Robert Noble, port engine, exhaust line with insulation
blanket being installed, foreground.
Bay Shipbuilding, Sturgeon Bay, Wisconsin -

Work progress continues on board the Robert Noble at Bay Shipbuilding.   Piping is now nearing completion, and within a few more work days fluids will be added to cooling and hydraulic systems, prior to system testing.

Rich Ellefson reported this noon that the dry dock in which the Noble rests was flooded (filled) this morning, and barring unforeseen problems, the gates will be opened and the ferry will be escorted to a berth by tugs this afternoon for the remaining work.   As the water reaches the point where the ferry is nearly once again afloat, inspection is made of all below-deck spaces to ensure no weeping of through-hull fittings or of new welds.  This inspection is visual, and so far, the hull has proven to be dry except for the point at which propeller shafts enter the engine room.  There, slight leakage can be controlled by means of the stuffing box, which has fiber packing rings between flanges.   Dripping at the stuffing gland will continue to be monitored.   The packing will be loosened prior to initial start-up of the new CAT engines to avoid heating through excessive friction with shaft rotation.

Insulation blankets were in the process of being installed on exhaust lines when I visited the shipyard Tuesday.   Other panels will be mounted on the overhead, where work had been done to the exposed underside of the main vehicle deck.   Room to move about the engine room, once generous when this was a nearly empty space, is already reduced as the space fills with piping, new equipment, and soon wiring, as gauges and controls are connected.

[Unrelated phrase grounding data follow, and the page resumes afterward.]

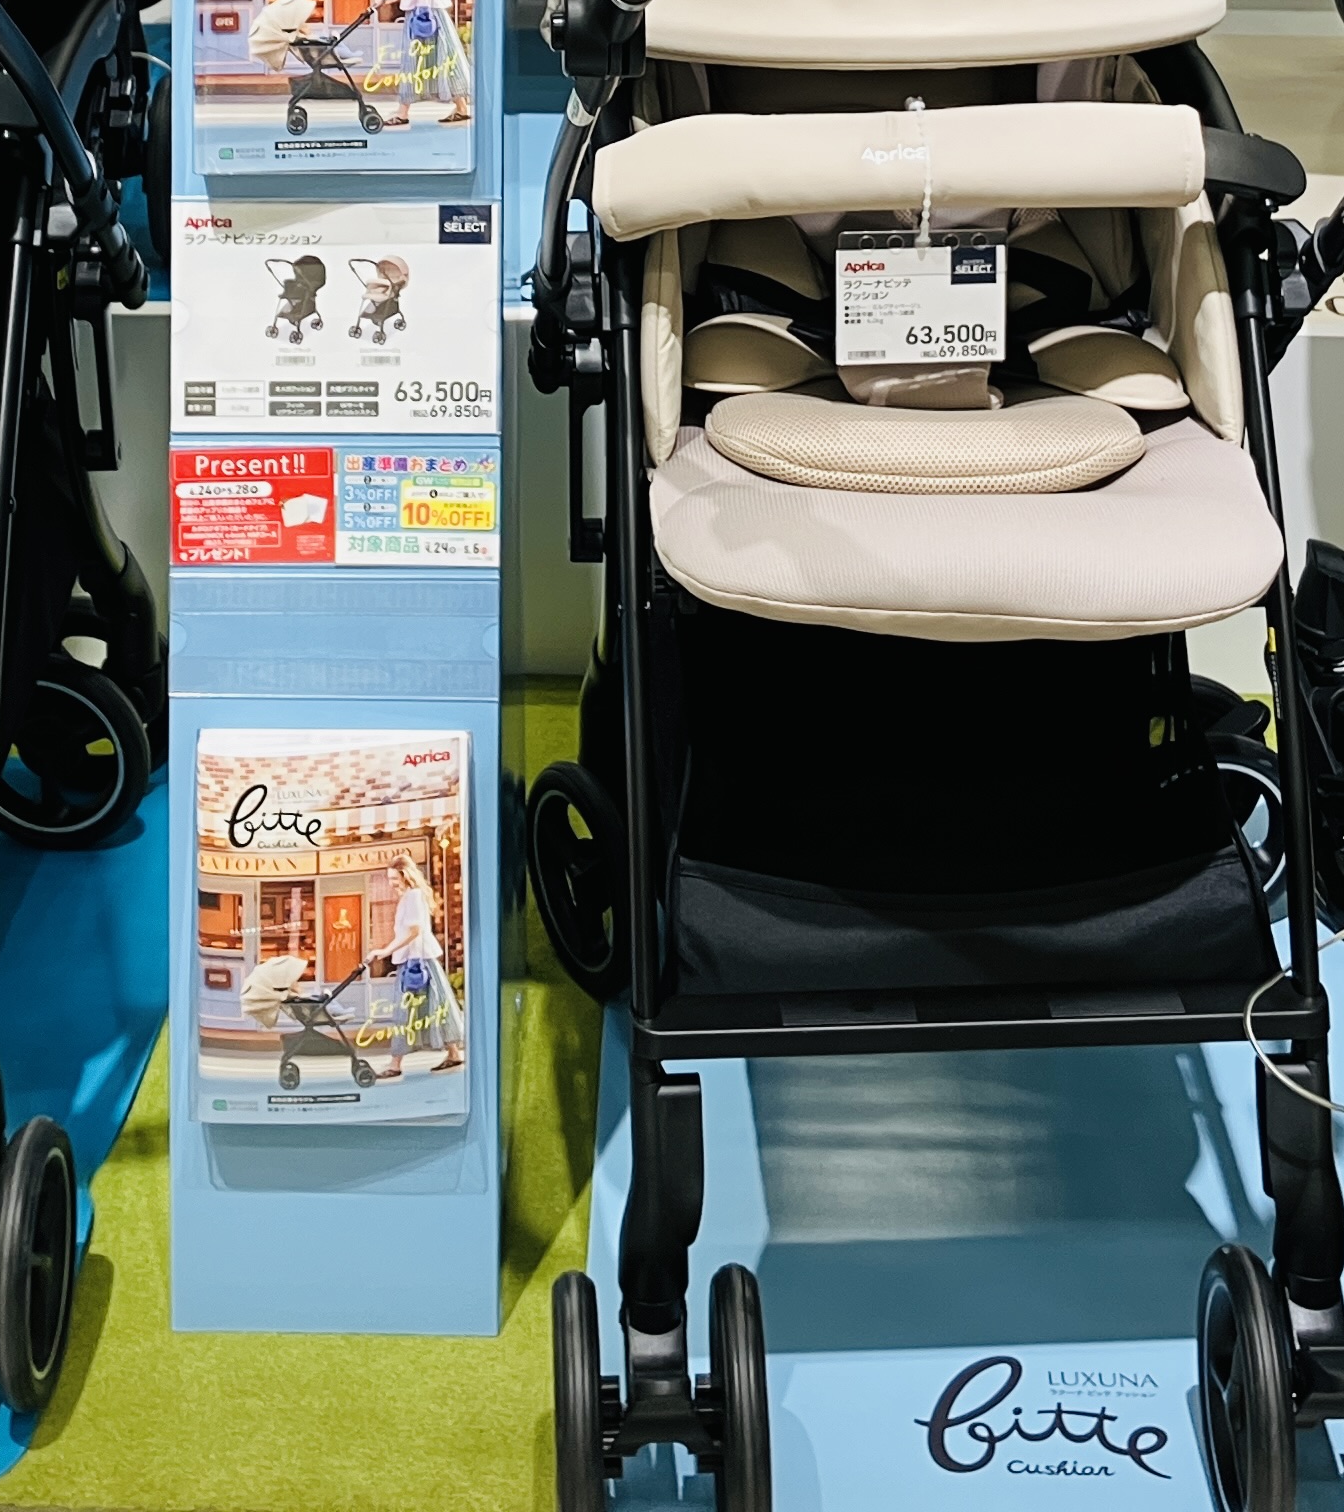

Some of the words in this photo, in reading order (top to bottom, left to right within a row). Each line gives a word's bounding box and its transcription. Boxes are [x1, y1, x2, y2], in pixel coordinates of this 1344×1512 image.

[184, 214, 233, 230] Aprica
[442, 221, 487, 234] SELECT
[843, 260, 886, 274] Aprica
[954, 263, 994, 274] SELECT
[905, 323, 997, 346] 63,500円
[393, 380, 492, 403] 63,500円
[194, 453, 306, 477] Present!!
[344, 514, 398, 529] 5%OFF!
[402, 502, 492, 528] 10%OFF!
[347, 535, 421, 554] 対象商品
[402, 748, 451, 768] Aprica
[1047, 1370, 1160, 1389] LUXUNA
[1006, 1459, 1116, 1477] Cushion

Hydraulic pump made in Belgium mounted
to aft face of port transmission
will drive fire pump and
Auragen generator.
One new operational feature will be a hydraulically driven fire pump, and a hydraulically driven generator, known by brand name Auragen.   This compact generator will produce 8.5 kw and should eliminate, at least with typical operating loads, the necessity of a running the diesel genset, thus improving vessel fuel economy and lowering overall air emissions.  These main engines have sufficient reserve power to drive a sizable hydraulic pump without reducing ability to turn the propeller shaft.  Previously on the Noble,  a belt-driven pump was relied upon for fire system water pressure, and this occasionally led to alignment problems, worn belts, and the need to rev the main engine at high rpms to get the required water pressure to the hydrant (60 lbs. psi).   Shipboard electrical needs in the future should allow for a choice in power source, rather than mandatory operation of a diesel-driven generator set that ran, more-or-less, from startup to shutdown each day.  Significant dollar savings are also anticipated on generator moving parts through fewer operating hours on this piece of equipment.

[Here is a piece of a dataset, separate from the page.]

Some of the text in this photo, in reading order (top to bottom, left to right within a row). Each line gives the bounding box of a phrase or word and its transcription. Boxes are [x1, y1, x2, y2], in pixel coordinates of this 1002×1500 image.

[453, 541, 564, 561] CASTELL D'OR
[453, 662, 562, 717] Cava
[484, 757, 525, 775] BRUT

Within several more working days, piping runs for coolant and hydraulic oil will be ready to be flushed, filled, and tested.

Space between forward bulkhead and port
engine shows addition of new piping.  These systems
are designed to be isolated by valves,
with removable sections for servicing.
Crawling through or standing in
this space has become prohibitive.
Then, as piping needs gradually reduce, engine room wiring and electrical installation activity will increase.  During the past several weeks, electricians have avoided competing with engine room working space with the other tradesmen, but their time has been well spent in the pilot house. New wiring harnesses connecting engine room with the operating stations on the upper deck were run earlier.  Gauge panels with associated lights, sensors and gauges will be wired in soon.

Given continued progress, the new engines should be ready for startup the week after Thanksgiving.  We are looking realistically for operational testing, pier side and then underway, to be completed for Coast Guard and owner approval, in the early days of December.

  -  Dick Purinton

1 comment:

Anonymous said...

I find the articles on the Noble refit very interesting. I'm not a Washington Islander but I love all things about Washington Island, especially the ferries. Keep it up!